The revelation of the underground artefact’s capabilities reads, though, like an interpolation from a different book. (Then again, after regression followed by five hundred years of stagnation any sufficiently advanced technology would seem like magic.) Even knowledge of its facilities represents a threat to the Hegemony’s belief systems and therefore its control of the populace. For unlike the citizens of the Hegemony, kept separate, individualised yet subject to group orthodoxy (as is the ideal for all dictatorships,) “Our ancestors had tinkered with themselves, with the brain itself, back before the Ruin. Every new-born child inherited its parents’ ability to connect with the data corpus, not limited by proximity.”

Perhaps because it was his first novel Edwards is not quite as in control of his prose as he is in his second book, the excellent Echo Cycle, which I reviewed for Interzone, nor is his focus as tight. There is a sense here – especially in the hierarchy of the Hegemony (its head Fulvia arc Borunmer, though the first woman in that post “since… well, ever” is a typical vengeful dictator,) even the existence of the ‘Free City,’ Aspedair, supposedly the only entity on the planet that is not under the Hegemony’s sway, is not an entirely original concept – that he is feeling his way into writing, exploring other people’s scenarios than his own, conforming to a template, that he has not yet found his own voice.

Ruin’s Wake is still very readable though, and Edwards’s portrayal of human relationships and interactions is convincing.
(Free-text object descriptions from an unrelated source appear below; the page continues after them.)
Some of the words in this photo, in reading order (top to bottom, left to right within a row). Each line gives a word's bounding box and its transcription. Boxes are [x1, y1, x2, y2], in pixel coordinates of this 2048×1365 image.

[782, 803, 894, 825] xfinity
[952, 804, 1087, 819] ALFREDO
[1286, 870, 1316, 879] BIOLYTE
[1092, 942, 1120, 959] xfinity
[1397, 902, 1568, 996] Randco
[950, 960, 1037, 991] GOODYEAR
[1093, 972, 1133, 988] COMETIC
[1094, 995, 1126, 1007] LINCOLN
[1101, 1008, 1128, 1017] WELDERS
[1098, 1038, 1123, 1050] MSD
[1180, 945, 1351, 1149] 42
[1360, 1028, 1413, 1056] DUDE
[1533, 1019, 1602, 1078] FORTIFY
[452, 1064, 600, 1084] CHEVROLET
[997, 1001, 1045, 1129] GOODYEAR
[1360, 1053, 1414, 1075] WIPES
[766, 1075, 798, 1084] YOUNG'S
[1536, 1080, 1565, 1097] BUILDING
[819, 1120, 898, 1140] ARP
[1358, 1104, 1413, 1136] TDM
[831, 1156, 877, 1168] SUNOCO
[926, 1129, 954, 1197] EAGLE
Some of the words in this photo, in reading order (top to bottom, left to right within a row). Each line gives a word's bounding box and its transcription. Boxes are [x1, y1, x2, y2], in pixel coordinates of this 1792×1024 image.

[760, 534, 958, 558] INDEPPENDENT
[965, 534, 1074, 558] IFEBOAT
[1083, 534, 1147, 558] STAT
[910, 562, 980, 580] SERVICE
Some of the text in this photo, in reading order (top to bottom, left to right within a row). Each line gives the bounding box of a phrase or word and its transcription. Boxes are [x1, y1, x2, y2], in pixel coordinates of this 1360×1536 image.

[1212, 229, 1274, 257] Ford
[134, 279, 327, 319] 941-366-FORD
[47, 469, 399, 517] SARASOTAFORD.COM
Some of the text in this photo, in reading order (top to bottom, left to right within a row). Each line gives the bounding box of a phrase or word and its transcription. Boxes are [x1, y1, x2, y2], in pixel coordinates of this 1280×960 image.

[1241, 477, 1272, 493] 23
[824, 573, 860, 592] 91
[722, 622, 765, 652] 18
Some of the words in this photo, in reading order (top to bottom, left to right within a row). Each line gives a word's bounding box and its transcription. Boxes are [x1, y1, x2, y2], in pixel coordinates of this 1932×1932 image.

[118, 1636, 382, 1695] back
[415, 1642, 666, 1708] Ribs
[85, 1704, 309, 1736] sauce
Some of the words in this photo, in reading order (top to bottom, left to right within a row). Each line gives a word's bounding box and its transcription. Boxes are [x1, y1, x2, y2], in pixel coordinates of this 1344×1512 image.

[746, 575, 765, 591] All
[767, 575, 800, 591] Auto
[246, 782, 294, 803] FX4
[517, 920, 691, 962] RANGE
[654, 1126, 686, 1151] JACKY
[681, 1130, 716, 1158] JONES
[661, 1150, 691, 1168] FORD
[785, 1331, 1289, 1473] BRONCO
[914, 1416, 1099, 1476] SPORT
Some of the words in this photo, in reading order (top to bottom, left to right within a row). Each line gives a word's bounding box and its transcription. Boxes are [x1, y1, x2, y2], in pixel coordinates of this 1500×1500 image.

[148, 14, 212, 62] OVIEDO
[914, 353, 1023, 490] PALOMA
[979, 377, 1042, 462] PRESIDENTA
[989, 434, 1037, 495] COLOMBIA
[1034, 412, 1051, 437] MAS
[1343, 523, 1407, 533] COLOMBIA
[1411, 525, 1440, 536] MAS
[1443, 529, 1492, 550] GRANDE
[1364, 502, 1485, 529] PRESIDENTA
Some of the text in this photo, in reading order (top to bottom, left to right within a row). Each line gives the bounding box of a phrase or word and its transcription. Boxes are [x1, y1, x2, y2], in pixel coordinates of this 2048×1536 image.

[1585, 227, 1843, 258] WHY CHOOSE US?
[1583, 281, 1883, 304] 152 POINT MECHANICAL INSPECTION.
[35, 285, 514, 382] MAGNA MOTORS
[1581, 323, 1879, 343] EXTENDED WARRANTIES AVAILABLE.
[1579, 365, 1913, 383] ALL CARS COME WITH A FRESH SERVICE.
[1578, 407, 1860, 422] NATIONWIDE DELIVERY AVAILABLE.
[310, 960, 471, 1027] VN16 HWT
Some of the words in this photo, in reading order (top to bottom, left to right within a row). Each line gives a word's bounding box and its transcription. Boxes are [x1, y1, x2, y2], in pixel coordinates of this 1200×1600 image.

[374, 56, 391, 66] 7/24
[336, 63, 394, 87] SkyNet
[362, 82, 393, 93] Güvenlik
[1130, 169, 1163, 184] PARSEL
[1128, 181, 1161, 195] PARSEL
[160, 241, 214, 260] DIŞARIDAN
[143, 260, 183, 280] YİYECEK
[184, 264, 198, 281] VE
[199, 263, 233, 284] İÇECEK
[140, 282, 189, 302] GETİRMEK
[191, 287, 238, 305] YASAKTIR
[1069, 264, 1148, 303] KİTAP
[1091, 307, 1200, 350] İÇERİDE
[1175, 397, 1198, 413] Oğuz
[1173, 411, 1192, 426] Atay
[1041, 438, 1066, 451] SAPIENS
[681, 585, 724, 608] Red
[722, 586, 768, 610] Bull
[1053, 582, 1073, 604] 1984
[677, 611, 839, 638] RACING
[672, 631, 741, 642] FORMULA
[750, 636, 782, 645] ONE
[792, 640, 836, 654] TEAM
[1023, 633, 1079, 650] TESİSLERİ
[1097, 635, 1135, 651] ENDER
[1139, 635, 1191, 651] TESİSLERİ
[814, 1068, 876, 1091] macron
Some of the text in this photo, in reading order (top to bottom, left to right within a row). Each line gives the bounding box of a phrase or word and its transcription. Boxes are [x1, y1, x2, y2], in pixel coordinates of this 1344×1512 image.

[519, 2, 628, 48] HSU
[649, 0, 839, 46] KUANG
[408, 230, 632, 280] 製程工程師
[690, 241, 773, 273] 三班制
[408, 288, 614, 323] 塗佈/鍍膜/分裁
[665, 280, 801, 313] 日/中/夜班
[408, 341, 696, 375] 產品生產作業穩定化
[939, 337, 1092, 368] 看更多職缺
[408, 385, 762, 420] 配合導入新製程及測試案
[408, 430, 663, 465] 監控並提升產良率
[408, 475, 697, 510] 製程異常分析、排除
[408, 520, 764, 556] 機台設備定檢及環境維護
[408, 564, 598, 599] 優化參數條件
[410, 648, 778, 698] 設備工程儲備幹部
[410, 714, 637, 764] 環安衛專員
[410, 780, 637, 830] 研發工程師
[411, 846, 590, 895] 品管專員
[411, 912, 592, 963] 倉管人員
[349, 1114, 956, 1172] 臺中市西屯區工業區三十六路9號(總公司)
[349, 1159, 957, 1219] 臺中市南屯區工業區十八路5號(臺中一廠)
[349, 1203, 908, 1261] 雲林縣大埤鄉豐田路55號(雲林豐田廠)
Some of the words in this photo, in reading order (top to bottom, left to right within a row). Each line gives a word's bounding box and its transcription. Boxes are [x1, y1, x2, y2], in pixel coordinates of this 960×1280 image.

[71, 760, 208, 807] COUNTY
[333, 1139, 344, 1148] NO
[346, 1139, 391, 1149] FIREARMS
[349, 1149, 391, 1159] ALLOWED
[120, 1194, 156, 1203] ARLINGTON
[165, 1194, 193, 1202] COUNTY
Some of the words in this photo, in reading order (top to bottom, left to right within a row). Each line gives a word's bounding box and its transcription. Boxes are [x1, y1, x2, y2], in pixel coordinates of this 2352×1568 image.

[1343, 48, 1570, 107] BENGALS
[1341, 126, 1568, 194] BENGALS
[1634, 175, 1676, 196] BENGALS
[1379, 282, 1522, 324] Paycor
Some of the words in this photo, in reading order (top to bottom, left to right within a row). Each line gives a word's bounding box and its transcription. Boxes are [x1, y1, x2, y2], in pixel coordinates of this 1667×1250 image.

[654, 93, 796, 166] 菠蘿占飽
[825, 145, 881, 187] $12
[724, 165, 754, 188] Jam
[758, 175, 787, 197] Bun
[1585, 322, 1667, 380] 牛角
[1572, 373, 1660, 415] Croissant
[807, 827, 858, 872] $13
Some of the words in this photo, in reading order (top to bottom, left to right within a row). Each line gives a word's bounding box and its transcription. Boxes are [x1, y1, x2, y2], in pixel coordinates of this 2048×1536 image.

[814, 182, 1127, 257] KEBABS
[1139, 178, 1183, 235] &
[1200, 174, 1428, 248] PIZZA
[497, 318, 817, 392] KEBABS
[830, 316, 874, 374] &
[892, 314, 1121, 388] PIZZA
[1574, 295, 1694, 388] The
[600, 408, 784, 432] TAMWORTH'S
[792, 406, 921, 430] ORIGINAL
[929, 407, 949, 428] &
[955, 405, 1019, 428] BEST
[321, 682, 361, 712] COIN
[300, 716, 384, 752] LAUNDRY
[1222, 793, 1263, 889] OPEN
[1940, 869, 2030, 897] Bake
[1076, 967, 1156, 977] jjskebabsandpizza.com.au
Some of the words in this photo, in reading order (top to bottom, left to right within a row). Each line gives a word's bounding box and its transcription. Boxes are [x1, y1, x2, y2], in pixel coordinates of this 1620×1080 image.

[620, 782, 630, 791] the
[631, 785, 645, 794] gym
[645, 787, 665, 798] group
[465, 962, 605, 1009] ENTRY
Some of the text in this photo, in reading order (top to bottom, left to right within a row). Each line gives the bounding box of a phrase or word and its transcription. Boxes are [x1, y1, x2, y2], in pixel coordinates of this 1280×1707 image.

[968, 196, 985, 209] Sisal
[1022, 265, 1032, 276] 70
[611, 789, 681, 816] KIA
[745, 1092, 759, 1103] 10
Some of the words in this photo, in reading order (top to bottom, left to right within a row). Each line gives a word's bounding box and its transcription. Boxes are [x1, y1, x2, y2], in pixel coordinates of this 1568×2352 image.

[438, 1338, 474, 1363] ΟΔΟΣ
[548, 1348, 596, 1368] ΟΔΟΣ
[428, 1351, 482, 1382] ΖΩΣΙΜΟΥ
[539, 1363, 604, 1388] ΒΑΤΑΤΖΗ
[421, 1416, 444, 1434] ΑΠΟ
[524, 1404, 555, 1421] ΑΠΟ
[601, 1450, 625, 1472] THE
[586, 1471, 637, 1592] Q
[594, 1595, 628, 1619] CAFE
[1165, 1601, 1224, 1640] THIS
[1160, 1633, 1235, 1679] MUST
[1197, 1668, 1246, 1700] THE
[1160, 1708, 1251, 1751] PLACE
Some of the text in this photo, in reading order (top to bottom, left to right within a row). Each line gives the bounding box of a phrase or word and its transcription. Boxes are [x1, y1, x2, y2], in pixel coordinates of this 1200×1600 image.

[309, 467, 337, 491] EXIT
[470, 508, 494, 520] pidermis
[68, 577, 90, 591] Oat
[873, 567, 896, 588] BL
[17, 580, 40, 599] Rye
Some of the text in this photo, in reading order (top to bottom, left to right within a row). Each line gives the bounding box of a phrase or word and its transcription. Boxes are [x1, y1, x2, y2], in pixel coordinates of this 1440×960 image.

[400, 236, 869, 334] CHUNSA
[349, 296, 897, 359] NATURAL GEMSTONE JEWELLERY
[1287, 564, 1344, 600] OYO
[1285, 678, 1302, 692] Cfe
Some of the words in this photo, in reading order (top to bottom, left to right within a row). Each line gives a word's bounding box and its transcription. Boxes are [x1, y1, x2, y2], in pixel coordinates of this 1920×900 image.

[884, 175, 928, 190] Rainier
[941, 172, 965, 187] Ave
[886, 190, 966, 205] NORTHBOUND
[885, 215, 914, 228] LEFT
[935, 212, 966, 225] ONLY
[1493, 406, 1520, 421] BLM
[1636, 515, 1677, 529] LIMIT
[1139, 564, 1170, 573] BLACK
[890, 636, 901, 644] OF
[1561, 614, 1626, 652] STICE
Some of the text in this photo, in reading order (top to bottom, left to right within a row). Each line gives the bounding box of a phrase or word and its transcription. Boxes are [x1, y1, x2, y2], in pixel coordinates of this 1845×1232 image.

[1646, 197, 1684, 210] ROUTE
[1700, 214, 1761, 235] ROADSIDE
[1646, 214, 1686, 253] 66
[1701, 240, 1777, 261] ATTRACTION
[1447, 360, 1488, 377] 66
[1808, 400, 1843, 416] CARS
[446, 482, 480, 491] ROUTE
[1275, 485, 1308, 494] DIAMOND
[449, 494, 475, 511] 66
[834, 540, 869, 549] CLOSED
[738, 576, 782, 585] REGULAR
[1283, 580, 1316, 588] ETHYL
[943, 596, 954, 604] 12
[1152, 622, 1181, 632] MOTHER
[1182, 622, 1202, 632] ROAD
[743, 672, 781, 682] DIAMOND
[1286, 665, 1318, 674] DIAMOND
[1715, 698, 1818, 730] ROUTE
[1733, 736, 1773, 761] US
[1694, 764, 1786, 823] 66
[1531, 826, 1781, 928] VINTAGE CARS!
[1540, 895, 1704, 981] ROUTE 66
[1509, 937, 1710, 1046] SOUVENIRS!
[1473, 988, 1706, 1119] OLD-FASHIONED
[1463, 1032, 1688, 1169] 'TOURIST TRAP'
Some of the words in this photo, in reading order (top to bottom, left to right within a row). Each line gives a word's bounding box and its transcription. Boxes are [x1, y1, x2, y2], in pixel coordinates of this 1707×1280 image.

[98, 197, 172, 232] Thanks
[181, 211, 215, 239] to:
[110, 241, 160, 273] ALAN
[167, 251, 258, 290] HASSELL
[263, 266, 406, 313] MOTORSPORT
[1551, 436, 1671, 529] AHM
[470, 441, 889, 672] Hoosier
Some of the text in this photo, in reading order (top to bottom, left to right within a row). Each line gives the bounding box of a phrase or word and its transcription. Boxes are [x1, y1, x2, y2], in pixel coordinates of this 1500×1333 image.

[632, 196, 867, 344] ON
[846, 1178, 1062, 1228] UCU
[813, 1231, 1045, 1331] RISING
Pedant’s corner:- Time interval later/within time interval count: 17. Otherwise; maw (it’s not a mouth,) sprung (sprang,) “the situation appeared to be diffused” (the situation was not spread out, it was resolved; defused,) “the thick pile of blankets that served as a bed” (earlier on there had been a mattress in the room,) “the light coming under the jamb” (this use of ‘jamb’ appears twice; a door’s jamb is at its side, not its bottom-most part,) snuck under the door jambs (sneaked, and see previous comment,) “the volume of the whole chamber 1,985 metres cubed and the surface area 947 metres squared” (1,985 cubic metres and the surface area 947 square metres. I didn’t bother checking the figures,) “Syn grabbed length of rope” (a length of rope,) sat (x2, sitting,) “the music swelled to a crescendo” (no it didn’t; it swelled [crescendoed] to a climax.) “Which was the truth she wondered” (is a question, so needs a question mark.) “Where would those boys would be now” (remove the second ‘would’,) dove (dived,) “a deep sob wracked her body” (racked.) “None of the people … were armed” (none … was armed,) “darkened by oxidisation” (the verb is ‘oxidise’ the noun is ‘oxidation’,) “it fit snug” (it fitted snugly,) “What struck her most were the looks on the aces” (what struck her most was …..) “He was stood in the wrong place” (standing in the wrong place.) “None of the guns were trained on him” (None … was.) “He was stood in front of her” (standing.)